Por LUISELLA SCROSSATI

Se presenta como una pequeña contribución al tema de la pedofilia en la Iglesia, pero la carta que el papa Benedicto XVI ha hecho pública ayer toca muchos puntos neurálgicos y suena como un humilde ofrecimiento de socorro a los pastores de la Iglesia, para evitar el naufragio total, ahora próximo. Recuerda el verdadero mal que lleva en consecuencia a todos los demás: el alejamiento de Dios. Y responde a los Dubia, reconfirmando la existencia de actos intrínsecamente malos, denuncia la banalización de la Comunión, recuerda el deber de proteger la fe también en los procesos penales.

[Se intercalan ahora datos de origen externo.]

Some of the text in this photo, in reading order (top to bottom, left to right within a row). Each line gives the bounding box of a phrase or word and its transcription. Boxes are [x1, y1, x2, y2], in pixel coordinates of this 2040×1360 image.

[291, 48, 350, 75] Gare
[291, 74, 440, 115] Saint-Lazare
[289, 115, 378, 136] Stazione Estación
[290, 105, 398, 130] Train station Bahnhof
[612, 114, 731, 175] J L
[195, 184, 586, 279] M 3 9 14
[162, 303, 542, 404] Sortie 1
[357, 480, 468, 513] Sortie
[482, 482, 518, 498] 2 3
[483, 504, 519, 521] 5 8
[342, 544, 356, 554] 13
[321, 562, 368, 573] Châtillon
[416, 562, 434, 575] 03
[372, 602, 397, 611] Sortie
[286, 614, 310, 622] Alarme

Los llama “apuntes con los cuales proporcionar algunas indicaciones que puedan ser de ayuda en este momento difícil”, con referencia al problema de la pedofilia, pero en realidad nos encontramos frente a la que podría ser considerada la última “encíclica” de Benedicto XVI, un diagnóstico extraordinario de la “gran calamidad” con la que “ha sido golpeada la Virgen, hija de mi pueblo”, una terapia radical para curar su “herida mortal” (cf. Jer 14, 17).
Está Benedicto en su totalidad en este escrito: todos los temas apreciados por él se encuentran entrecruzados aquí para dar al lector una visión de conjunto que le permita afrontar la actual tempestad en una embarcación segura. Y, en consecuencia, una mano tendida a nosotros, cristianos zarandeados por vientos tumultuosos y siempre en peligro de ser arrollados por la marea; pero también y principalmente un humilde ofrecimiento de socorro a los pastores de la Iglesia, in primis al papa Francisco, para evitar el naufragio total, ahora próximo.

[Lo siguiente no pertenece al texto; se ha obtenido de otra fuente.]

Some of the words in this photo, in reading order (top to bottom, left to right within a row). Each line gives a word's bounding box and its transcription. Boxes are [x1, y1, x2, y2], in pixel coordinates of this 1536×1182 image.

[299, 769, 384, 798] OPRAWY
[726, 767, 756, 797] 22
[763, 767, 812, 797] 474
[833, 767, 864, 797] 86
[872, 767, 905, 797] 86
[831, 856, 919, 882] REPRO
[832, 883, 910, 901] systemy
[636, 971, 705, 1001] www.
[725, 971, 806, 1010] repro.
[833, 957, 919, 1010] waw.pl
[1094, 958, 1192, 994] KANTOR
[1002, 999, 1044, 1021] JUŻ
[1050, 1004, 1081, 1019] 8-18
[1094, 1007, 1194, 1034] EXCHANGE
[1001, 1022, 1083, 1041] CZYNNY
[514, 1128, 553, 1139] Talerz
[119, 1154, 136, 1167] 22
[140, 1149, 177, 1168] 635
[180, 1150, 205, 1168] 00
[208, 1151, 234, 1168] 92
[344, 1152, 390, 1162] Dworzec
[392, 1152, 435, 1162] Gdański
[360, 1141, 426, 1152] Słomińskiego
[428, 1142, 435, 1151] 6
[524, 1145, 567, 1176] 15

El corazón latente de toda la reflexión está encerrado en la tercera parte, después de las dos secciones dedicadas a recorrer el colapso de la sociedad y de la teología moral, y sus repercusiones en la formación sacerdotal: “La fuerza del mal nace de nuestro rechazo del amor a Dios”. Como ya afirmaba san Ireneo de Lyon, “la comunión con Dios es la vida, la luz y el disfrute de sus bienes. Pero sobre los que se separan de él por su libre decisión hace caer la separación elegida por ellos”. Si alejamos de nosotros la vida, la luz, la pureza y el bien, ¿por qué sorprendernos si poco a poco la muerte nos acogota, las tinieblas nos envuelven, la inmundicia moral nos ensucia y el mal nos sofoca? Es un tema tan apreciado por Benedicto XVI, que hace años había hablado con Peter Seewald en estos términos: “El que se aleja de Dios, el que se aleja del bien, experimenta su cólera. El que se pone fuera del amor, profundiza lo negativo. No es entonces un golpe infligido por un dictador sediento de poder, sino que es solamente la expresión de la lógica intrínseca a una acción. Si me pongo fuera de lo que es conforme a mi idea de creación, fuera del amor que me sostiene, entonces me precipito en el vacío, en las tinieblas”.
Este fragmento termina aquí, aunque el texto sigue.